It starts with something going wrong during what should be one of the happiest experiences of life. A child is born sick or far too early, or with serious complications. Parents spend weeks, if not months, at the bedsides of their fragile newborns. The hospital becomes home, and strong bonds take hold among caregivers and families.
Kirsten Tu of Springfield was just 25 weeks pregnant in March 2009 when she gave birth to her son, Aven, at PeaceHealth Sacred Heart Medical Center at RiverBend. He weighed just over 2 lbs., 3 oz., and spent 84 days in the unit. Tu found solace in the outdoors, walking RiverBend’s winding, forested paths and taking in views of the McKenzie River and Coburg Hills.

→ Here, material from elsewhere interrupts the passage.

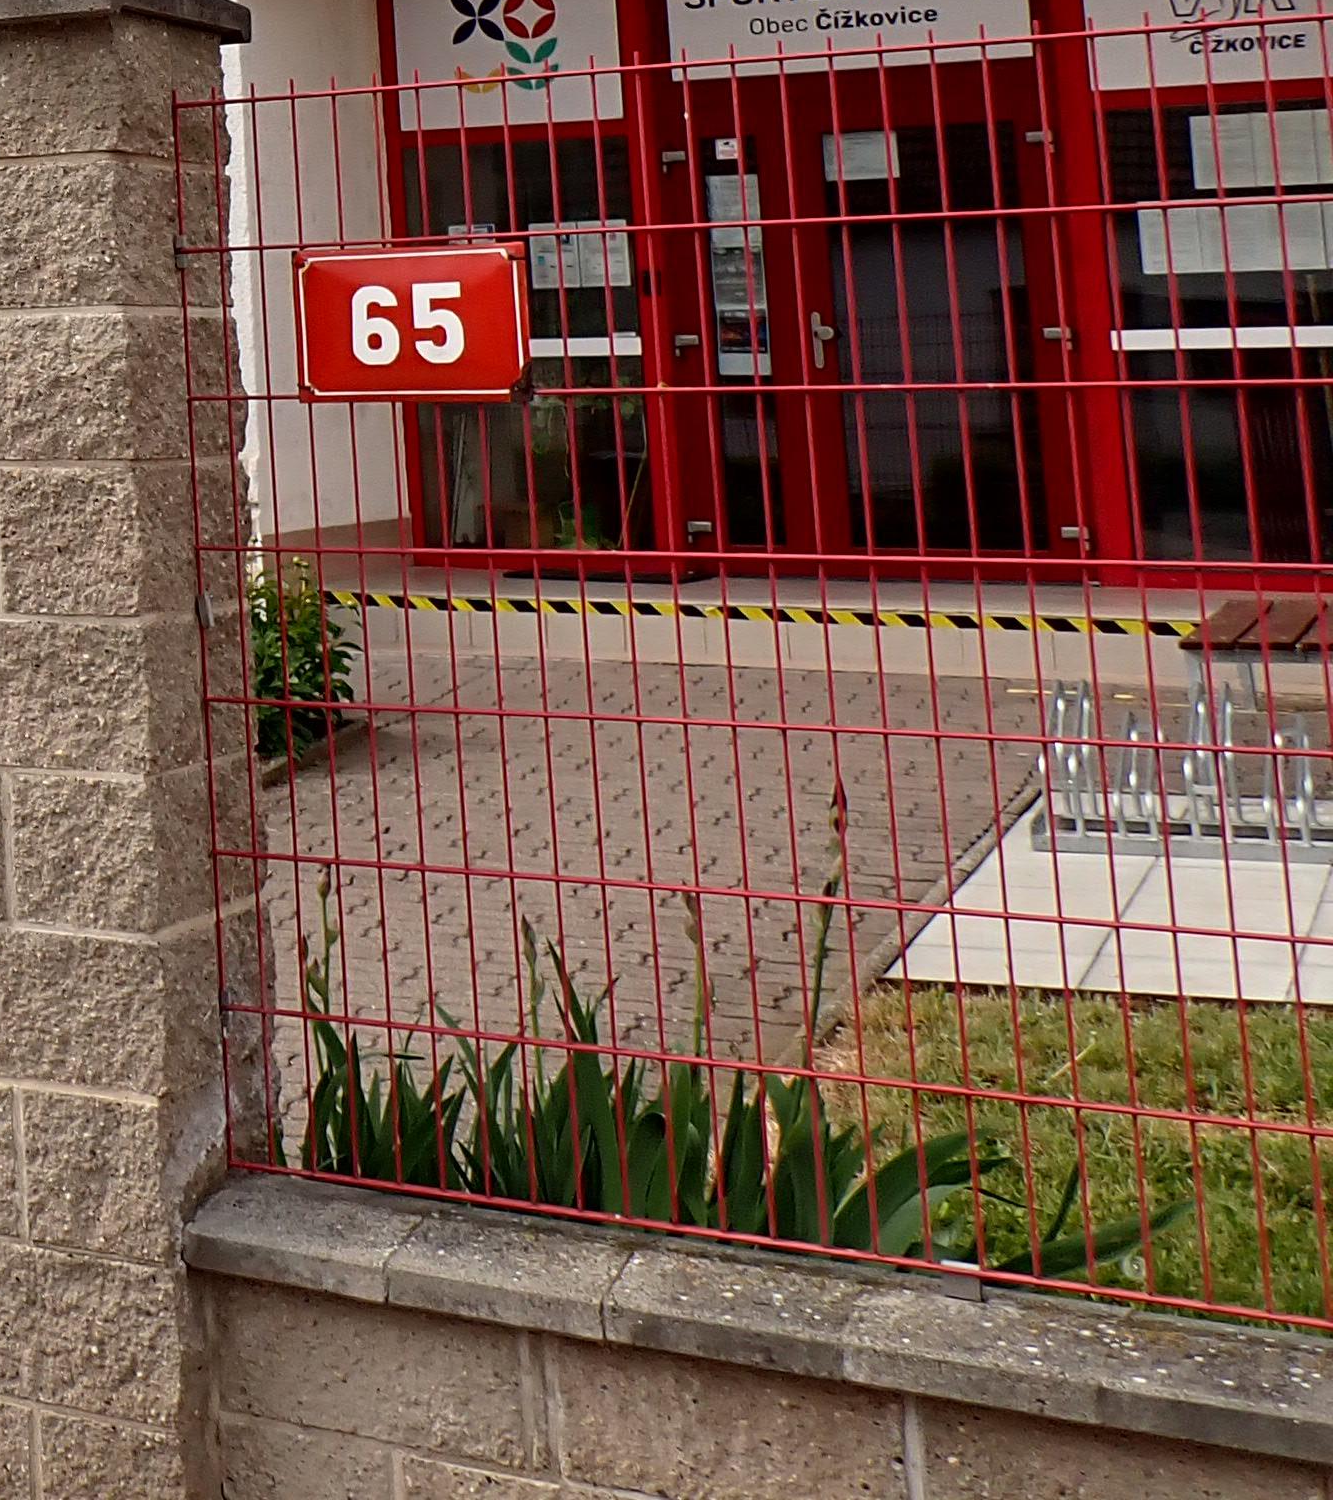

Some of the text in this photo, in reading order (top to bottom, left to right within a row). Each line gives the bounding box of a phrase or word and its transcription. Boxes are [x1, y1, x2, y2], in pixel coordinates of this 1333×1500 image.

[749, 5, 939, 35] Obec Čížkovice
[1189, 33, 1307, 55] ČŽKOVICE
[351, 281, 465, 366] 65

But she found little comfort in the NICU’s long, austere corridors.
“When families are in the NICU and they have a brand new baby, it’s unknown and it’s scary and it’s trying, and you really have no idea what’s going on, and you’re spending your entire days and nights in the hospital,” she says. “That hallway was so long, and very sterile, and you definitely knew you were going into a hospital every day.”
But those stark, institutional beige walls have undergone a transformation. Repainted in hues of green and lavender, the corridor nearest the NICU entrance is now a gallery hung with a series of breathtaking portraits of babies, children, and young adults—all of them NICU alumni, strong and smiling. An appliqué tree mural greets visitors, its branches stretching and winding to connect the images.

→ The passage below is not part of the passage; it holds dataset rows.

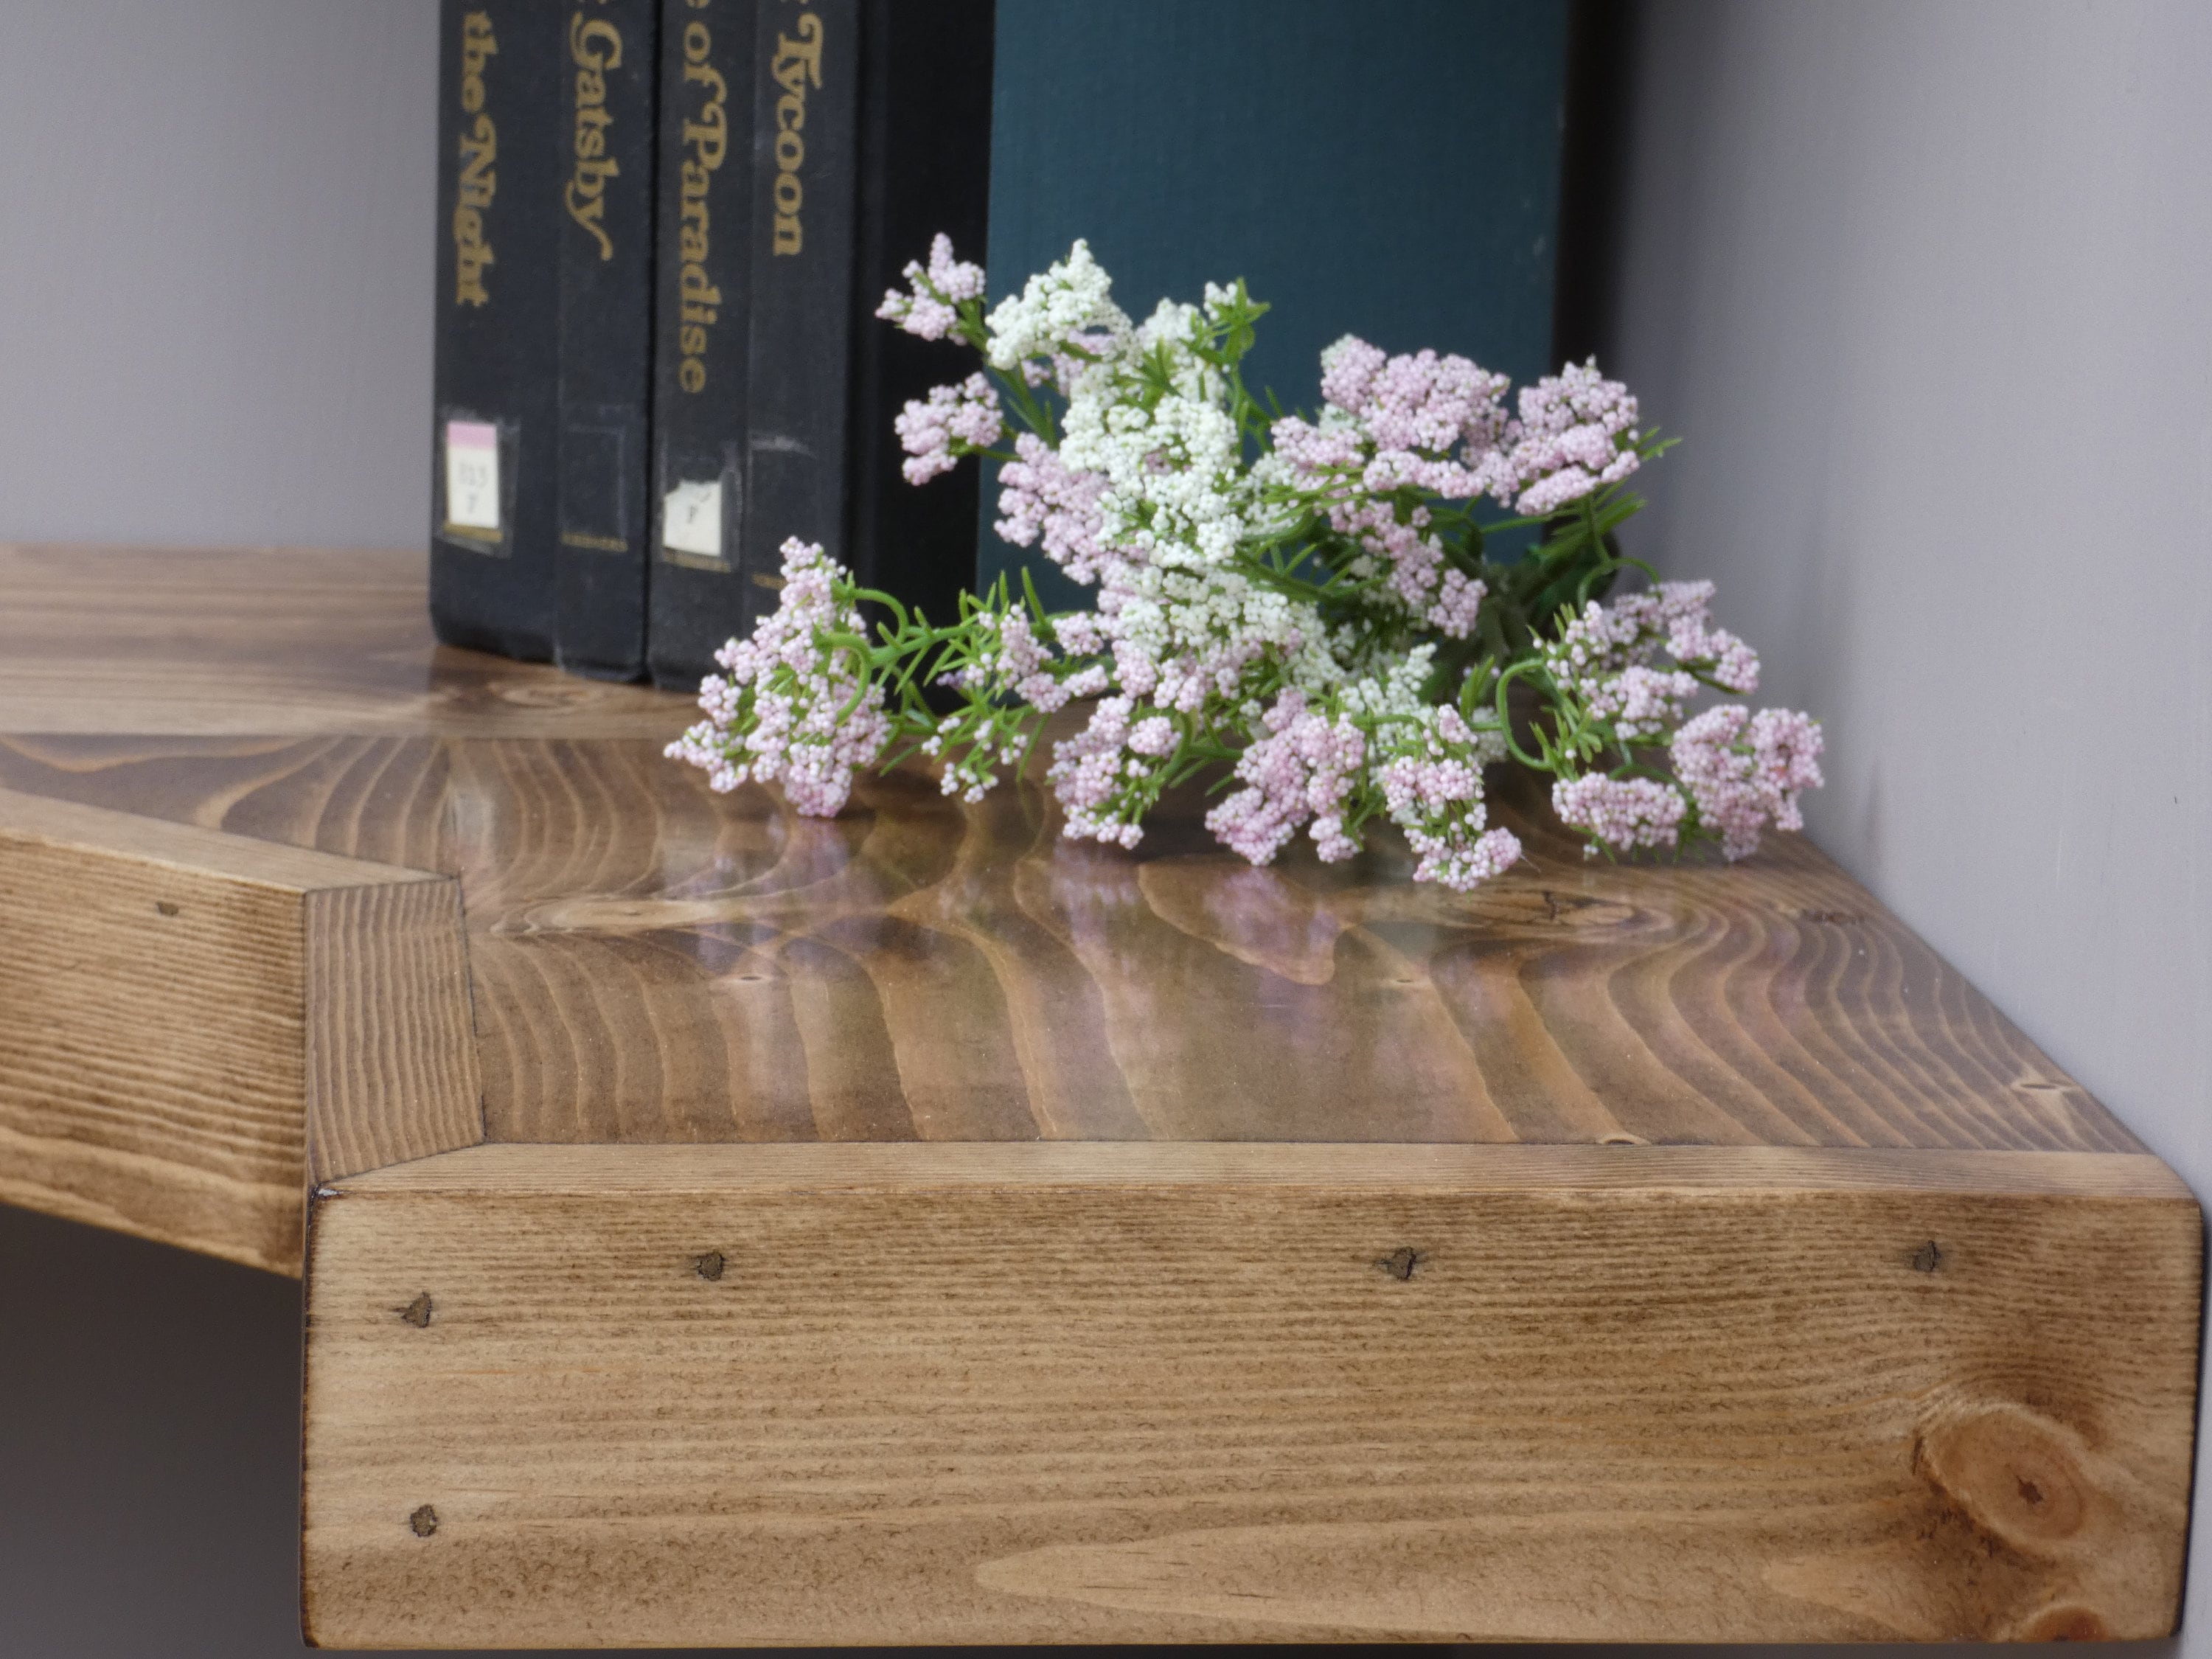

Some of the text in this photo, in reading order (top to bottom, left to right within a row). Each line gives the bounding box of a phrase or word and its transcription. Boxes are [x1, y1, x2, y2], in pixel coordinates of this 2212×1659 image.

[453, 12, 498, 307] the Night
[566, 12, 622, 261] Gatsby
[684, 21, 727, 104] of
[771, 13, 824, 257] Tycoon
[679, 103, 727, 394] Paradise

Called the Hallway of Hope, the project is the fruit of nearly six years of collective dreaming, planning, and executing—with some setbacks along the way.
“It’s a story that really embraces dedication, compassion, collaboration, and hope,” says Barb Kessler, director of RiverBend’s Women and Children’s Services, which cares for close to 500 infants from throughout the region each year in its 36-bed NICU.
The project, which is still underway, began with the NICU’s Family Advisory Council, a group that took hold soon after RiverBend opened in 2008.
“What we heard was, ‘I’d like it to feel like my grandmother’s house,’” recalls Dr. Rebecca Bent, a neonatologist who cares for many of Sacred Heart’s NICU babies and, along with several NICU nurses, was part of the planning group. “And they wanted other families to have a visual reminder that there’s hope on the other side of an experience like this.”
Families also made it clear they wanted beautiful, soothing images of nature to be a part of the project.
Tu served on the council and was an early leader in the effort. She and another parent, Jaime Olsen, sent a grant proposal to Children’s Miracle Network describing the project that would ultimately evolve into the Hallway of Hope. The grant was approved, but for a variety of reasons—the layers of required approval, building code issue, changes in leadership both in the unit and on the advisory council—the project stalled.
In the summer of 2014, Anne Gordon, program coordinator for Spirituality and Healing Arts in Mission Services, jumped in and kicked the effort into high gear.
Barry West, a desktop analyst at RiverBend and professional photographer on the side, volunteered his skills for the project. “This is all about building hope and building relationships,” he says.
So far he has photographed more than 40 NICU alums, including Aven Tu; photos of 18 are displayed, with more coming soon. He’s posed each of them outside RiverBend, in the Fir Grove near the Emergency Department.
Tu, 33, says she’s disappointed the project took so long to blossom. But the Hallway of Hope is nonetheless “extremely beautiful,” she adds, and offers a powerful message to families who are living her experience.
“I’ve stuck it out and wanted to see it through to the end,” she says. “It was born within my heart and is a part of me, just like my son.”